There is no way to pass the ucontext to backtrace_simple, sorry.

bszente commented 2 years ago

Thank you very much for the useful hint!

bszente commented 2 years ago

Just a follow-up. I managed to obtain the callstack with musl as well. It was much simpler than I expected.

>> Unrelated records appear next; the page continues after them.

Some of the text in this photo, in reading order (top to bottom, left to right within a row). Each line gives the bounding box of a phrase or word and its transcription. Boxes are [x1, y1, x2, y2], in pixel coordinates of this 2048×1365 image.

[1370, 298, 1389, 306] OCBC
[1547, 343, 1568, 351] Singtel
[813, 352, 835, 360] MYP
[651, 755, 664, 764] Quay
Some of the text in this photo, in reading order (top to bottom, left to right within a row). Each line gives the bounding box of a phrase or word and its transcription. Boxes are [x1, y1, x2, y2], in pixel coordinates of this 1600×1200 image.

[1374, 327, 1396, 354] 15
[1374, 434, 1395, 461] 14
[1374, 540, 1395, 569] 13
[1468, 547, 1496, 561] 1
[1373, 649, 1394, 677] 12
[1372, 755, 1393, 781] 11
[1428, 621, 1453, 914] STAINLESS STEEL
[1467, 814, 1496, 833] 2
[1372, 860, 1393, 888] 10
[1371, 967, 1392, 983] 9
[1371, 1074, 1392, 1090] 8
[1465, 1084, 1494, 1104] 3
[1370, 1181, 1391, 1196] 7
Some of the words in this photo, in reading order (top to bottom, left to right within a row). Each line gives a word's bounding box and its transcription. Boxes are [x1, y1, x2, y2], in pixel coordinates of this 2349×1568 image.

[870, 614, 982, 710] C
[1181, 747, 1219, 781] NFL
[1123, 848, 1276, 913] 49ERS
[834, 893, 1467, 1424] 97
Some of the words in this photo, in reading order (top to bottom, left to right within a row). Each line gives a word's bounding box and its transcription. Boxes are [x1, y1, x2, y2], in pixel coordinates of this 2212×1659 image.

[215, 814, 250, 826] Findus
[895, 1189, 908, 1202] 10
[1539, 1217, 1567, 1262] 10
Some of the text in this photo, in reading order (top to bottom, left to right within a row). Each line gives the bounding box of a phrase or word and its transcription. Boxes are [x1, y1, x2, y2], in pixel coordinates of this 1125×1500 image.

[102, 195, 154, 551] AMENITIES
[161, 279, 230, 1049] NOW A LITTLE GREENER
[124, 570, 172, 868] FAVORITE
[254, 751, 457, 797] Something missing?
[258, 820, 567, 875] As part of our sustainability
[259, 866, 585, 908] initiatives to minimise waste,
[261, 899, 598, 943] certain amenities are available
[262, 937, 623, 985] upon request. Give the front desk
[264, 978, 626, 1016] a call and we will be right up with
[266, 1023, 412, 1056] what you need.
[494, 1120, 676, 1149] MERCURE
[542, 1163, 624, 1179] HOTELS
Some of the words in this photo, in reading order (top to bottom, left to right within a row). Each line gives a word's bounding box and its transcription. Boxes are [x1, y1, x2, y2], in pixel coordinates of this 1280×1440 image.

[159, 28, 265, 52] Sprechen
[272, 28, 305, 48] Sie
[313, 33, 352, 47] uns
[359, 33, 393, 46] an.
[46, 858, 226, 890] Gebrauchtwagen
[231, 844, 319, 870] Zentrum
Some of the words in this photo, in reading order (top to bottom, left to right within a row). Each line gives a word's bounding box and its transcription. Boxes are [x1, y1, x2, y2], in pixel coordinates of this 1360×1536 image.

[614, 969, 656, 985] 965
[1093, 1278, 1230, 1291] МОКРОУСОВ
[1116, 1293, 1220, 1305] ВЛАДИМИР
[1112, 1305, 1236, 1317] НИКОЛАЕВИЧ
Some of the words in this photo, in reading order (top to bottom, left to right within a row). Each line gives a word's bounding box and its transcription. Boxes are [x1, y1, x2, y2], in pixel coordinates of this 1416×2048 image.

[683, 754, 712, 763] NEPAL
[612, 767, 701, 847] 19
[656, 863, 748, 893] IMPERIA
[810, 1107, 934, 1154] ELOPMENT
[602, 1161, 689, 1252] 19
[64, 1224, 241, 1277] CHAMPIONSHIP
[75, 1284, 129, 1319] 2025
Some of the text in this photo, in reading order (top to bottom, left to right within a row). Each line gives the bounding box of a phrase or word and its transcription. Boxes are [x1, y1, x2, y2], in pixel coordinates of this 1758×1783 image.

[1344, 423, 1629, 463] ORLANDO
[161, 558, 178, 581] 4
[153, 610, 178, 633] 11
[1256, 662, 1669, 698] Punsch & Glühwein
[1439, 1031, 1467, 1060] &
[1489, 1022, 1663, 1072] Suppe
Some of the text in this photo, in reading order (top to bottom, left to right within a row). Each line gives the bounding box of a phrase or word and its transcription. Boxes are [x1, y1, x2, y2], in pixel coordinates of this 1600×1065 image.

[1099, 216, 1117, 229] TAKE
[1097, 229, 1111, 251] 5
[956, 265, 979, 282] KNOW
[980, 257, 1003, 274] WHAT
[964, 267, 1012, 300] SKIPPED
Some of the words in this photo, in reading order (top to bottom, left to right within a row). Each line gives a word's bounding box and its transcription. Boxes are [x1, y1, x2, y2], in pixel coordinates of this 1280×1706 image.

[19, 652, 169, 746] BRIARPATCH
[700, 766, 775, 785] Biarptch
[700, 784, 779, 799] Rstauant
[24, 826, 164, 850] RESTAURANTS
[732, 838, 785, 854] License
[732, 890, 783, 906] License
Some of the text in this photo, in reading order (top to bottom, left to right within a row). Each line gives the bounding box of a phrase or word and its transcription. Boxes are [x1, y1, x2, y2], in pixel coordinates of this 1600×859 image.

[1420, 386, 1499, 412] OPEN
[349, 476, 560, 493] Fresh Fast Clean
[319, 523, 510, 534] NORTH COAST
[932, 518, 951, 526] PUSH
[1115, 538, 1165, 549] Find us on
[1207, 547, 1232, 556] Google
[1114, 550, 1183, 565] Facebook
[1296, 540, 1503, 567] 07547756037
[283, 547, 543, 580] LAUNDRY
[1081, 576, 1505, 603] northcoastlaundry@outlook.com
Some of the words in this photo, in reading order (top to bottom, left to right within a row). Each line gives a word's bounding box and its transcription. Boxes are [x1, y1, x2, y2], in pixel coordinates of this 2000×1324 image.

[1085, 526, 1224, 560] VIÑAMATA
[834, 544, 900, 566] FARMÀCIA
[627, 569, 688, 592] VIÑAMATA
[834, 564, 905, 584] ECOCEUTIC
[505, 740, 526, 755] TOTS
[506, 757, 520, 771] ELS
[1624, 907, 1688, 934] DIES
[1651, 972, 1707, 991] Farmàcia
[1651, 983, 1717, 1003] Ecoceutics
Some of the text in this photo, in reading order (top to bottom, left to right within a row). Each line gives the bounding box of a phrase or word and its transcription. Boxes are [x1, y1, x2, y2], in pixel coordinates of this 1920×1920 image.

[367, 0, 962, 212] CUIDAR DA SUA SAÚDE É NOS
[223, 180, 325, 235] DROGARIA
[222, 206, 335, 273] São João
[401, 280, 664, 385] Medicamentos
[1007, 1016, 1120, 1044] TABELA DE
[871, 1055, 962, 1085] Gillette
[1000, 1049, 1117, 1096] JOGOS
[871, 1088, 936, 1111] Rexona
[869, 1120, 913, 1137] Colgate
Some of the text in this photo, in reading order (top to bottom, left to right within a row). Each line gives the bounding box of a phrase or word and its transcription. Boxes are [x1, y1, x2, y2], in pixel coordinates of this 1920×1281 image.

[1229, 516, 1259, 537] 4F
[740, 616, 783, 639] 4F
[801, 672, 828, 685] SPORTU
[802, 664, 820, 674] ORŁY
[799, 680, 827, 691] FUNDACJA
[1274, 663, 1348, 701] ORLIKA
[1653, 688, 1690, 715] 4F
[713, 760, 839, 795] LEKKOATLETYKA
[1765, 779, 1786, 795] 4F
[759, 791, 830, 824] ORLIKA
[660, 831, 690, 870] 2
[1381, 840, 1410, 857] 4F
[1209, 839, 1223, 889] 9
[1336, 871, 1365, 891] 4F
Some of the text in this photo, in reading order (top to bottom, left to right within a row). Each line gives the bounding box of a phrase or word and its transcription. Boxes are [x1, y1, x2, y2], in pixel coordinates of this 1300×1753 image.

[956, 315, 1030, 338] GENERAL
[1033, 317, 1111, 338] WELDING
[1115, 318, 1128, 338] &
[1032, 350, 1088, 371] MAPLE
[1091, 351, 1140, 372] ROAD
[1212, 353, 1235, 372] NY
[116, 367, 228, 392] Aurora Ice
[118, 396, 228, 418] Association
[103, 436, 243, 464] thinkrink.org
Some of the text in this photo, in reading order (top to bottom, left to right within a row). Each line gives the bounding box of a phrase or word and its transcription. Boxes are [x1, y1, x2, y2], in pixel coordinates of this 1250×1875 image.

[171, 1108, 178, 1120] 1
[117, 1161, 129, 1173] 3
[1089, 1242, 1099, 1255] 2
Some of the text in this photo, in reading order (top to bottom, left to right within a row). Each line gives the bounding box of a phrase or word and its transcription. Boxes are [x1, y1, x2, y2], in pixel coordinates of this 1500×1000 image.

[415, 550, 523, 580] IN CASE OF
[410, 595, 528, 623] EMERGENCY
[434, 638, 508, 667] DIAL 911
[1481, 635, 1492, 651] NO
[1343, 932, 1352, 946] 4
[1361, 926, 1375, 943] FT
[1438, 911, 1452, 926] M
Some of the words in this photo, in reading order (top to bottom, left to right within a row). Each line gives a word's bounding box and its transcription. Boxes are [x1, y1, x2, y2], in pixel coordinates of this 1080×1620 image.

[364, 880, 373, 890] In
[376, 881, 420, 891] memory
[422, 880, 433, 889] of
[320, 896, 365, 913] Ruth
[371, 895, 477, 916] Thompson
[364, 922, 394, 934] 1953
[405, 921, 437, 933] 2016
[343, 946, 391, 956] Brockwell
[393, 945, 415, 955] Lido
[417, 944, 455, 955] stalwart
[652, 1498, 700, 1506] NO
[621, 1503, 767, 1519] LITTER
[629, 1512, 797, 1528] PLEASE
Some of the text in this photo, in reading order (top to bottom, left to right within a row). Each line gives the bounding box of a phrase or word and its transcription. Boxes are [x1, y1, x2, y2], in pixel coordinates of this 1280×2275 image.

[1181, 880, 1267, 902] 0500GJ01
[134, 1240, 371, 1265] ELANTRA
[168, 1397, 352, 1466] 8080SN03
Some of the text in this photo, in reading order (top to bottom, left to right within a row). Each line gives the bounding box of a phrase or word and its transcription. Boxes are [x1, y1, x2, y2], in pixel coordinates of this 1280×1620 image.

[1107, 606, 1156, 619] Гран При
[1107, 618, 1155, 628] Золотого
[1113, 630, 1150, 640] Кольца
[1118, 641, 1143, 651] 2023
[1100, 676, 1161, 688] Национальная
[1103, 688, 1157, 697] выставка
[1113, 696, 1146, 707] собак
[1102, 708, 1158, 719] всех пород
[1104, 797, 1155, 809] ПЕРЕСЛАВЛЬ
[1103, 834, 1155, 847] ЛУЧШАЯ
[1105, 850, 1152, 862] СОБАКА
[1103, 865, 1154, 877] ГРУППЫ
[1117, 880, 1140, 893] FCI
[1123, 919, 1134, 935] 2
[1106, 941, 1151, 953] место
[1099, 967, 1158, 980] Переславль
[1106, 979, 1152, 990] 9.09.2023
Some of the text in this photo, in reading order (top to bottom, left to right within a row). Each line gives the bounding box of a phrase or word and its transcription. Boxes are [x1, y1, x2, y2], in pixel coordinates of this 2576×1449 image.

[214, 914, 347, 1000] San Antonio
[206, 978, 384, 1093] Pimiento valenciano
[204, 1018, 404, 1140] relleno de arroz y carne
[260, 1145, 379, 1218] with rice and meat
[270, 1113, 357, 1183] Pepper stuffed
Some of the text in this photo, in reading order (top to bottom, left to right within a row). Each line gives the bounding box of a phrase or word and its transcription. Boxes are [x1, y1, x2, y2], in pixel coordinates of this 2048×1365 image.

musl has exactly the same signal return trampoline as GLIBC or uClibc. The issue comes from the following line from libgcc/config/i386/linux-unwind.h

#if defined __GLIBC__ && !(__GLIBC__ == 2 && __GLIBC_MINOR__ == 0)

The signal frame decoding code path is enabled only for GLIBC. uClibc-ng works because it defines the above macros, pretending to be GLIBC.

musl does not define any __MUSL__ macro, so it is not possible to enable this code path conditionally. For this reason, I personally removed the above #if line from libgcc for my use case, to force the signal frame unwinding to work for musl as well:

  1. Run the program:

    $ ./test Inside main Inside function1 Inside function2 Inside do_invalid_access SIGSEGV: addr=0 code=1

    0x4011d2

    0x40655d

    0x40127f

    0x4012a4

    0x4012ba

    0x401387

    0x404a2e

    0x401044

    ret=0

  2. Decode the addresses:

    $ x86_64-buildroot-linux-musl-addr2line -aipfC -e ./test ./test | grep ^# | cut -d ' ' -f2 0x00000000004011d2: crash_handler at /home/user/libbacktrace-test/test.c:27 0x000000000040655d: sigemptyset at /home/user/build-x86_64-2021.02.2/build/musl-1.2.2/src/signal/x86_64/restore.s:1 0x000000000040127f: do_invalid_access at /home/user/libbacktrace-test/test.c:48 0x00000000004012a4: function2 at /home/user/libbacktrace-test/test.c:53 0x00000000004012ba: function1 at /home/user/libbacktrace-test/test.c:58 0x0000000000401387: main at /home/user/libbacktrace-test/test.c:68 0x0000000000404a2e: libc_start_main_stage2 at /home/user/build-x86_64-2021.02.2/build/musl-1.2.2/src/env/__libc_start_main.c:94 0x0000000000401044: _start at ??:?

@ianlancetaylor thank you again for the link to the relevant code part.